当前位置:网站首页>Machine learning III: classification prediction based on logistic regression
Machine learning III: classification prediction based on logistic regression
2022-04-23 07:19:00 【Amyniez】
1 Introduction and application of logistic regression
1.1 Introduction of logical regression
Logical regression (Logistic regression, abbreviation LR) Although it has " Return to " Two words , But logistic regression is actually a classification Model , And widely used in various fields . Although deep learning is now more popular than these traditional methods , But in fact, these traditional methods are still widely used in various fields due to their unique advantages .

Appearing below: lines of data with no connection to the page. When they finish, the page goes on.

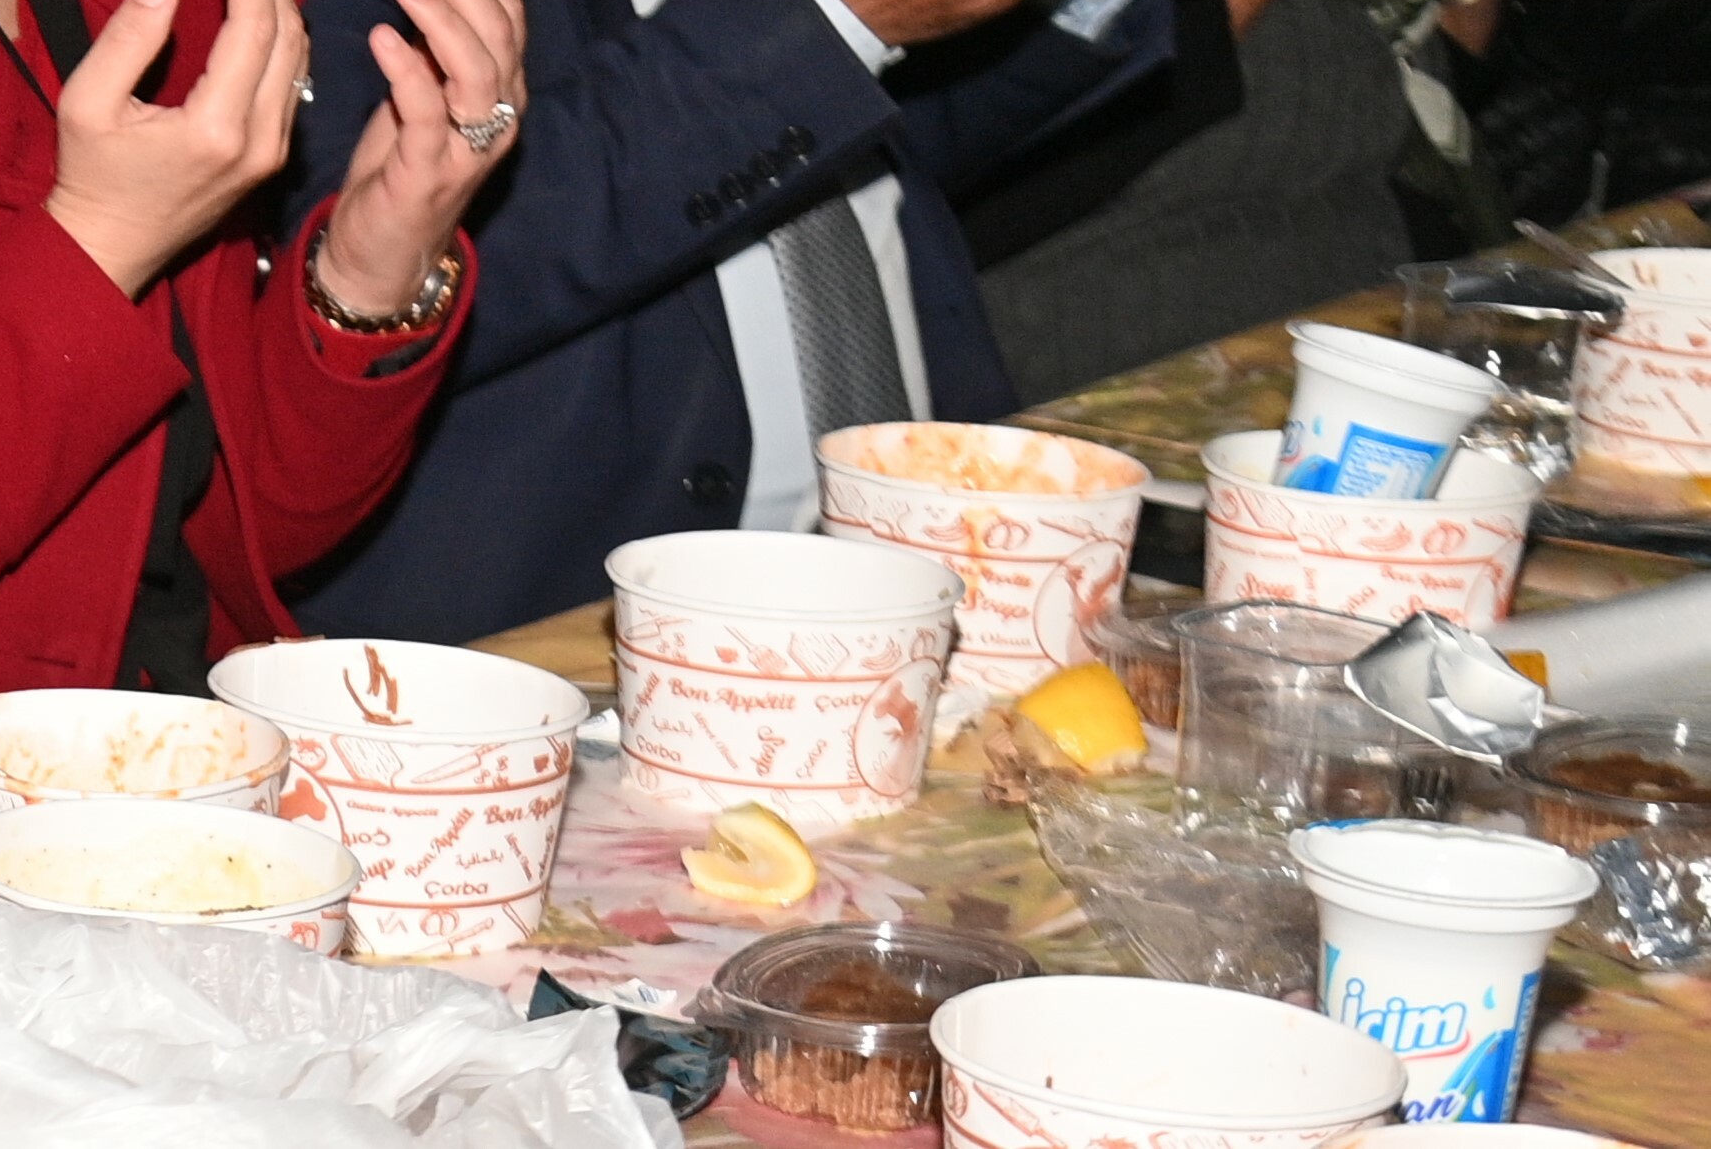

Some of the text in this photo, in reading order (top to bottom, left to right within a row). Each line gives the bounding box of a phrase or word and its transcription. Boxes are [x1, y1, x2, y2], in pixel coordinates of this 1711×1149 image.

[668, 677, 711, 703] Bon
[635, 734, 682, 764] Çorba
[484, 804, 525, 826] Bon
[404, 851, 438, 878] Bon
[423, 880, 489, 899] Çorba

And for logistic regression, and , The most prominent two points are its Simple model and The model has strong explanatory power .
Advantages and disadvantages of logistic regression model :
- advantage : Implement a simple , Easy to understand and implement ; It's not expensive to calculate , fast , Low storage resources ;
- shortcoming : Easy under fitting , Classification accuracy may not be high
1.1 Application of logistic regression
Logistic regression model is widely used in various fields , Including machine learning , Most medical fields and Social Sciences . for example , By the first Boyd The trauma and injury severity score developed by et al (TRISS) It is widely used to predict the mortality of injured patients , Use logical regression Based on the observed patient characteristics ( Age , Gender , Body mass index , Results of various blood tests, etc ) Analysis predicts the occurrence of specific diseases ( For example, diabetes , Coronary heart disease (CHD) ) The risk of . Logistic regression models are also used to predict in a given process , The possibility of system or product failure . It's also used for marketing applications , For example, predict the tendency of customers to buy products or stop ordering . In economics, it can be used to predict the possibility of a person choosing to enter the labor market , And commercial applications can be used to predict the likelihood that homeowners will default on their mortgage . Conditional random fields are extensions of logistic regression to sequential data , For natural language processing .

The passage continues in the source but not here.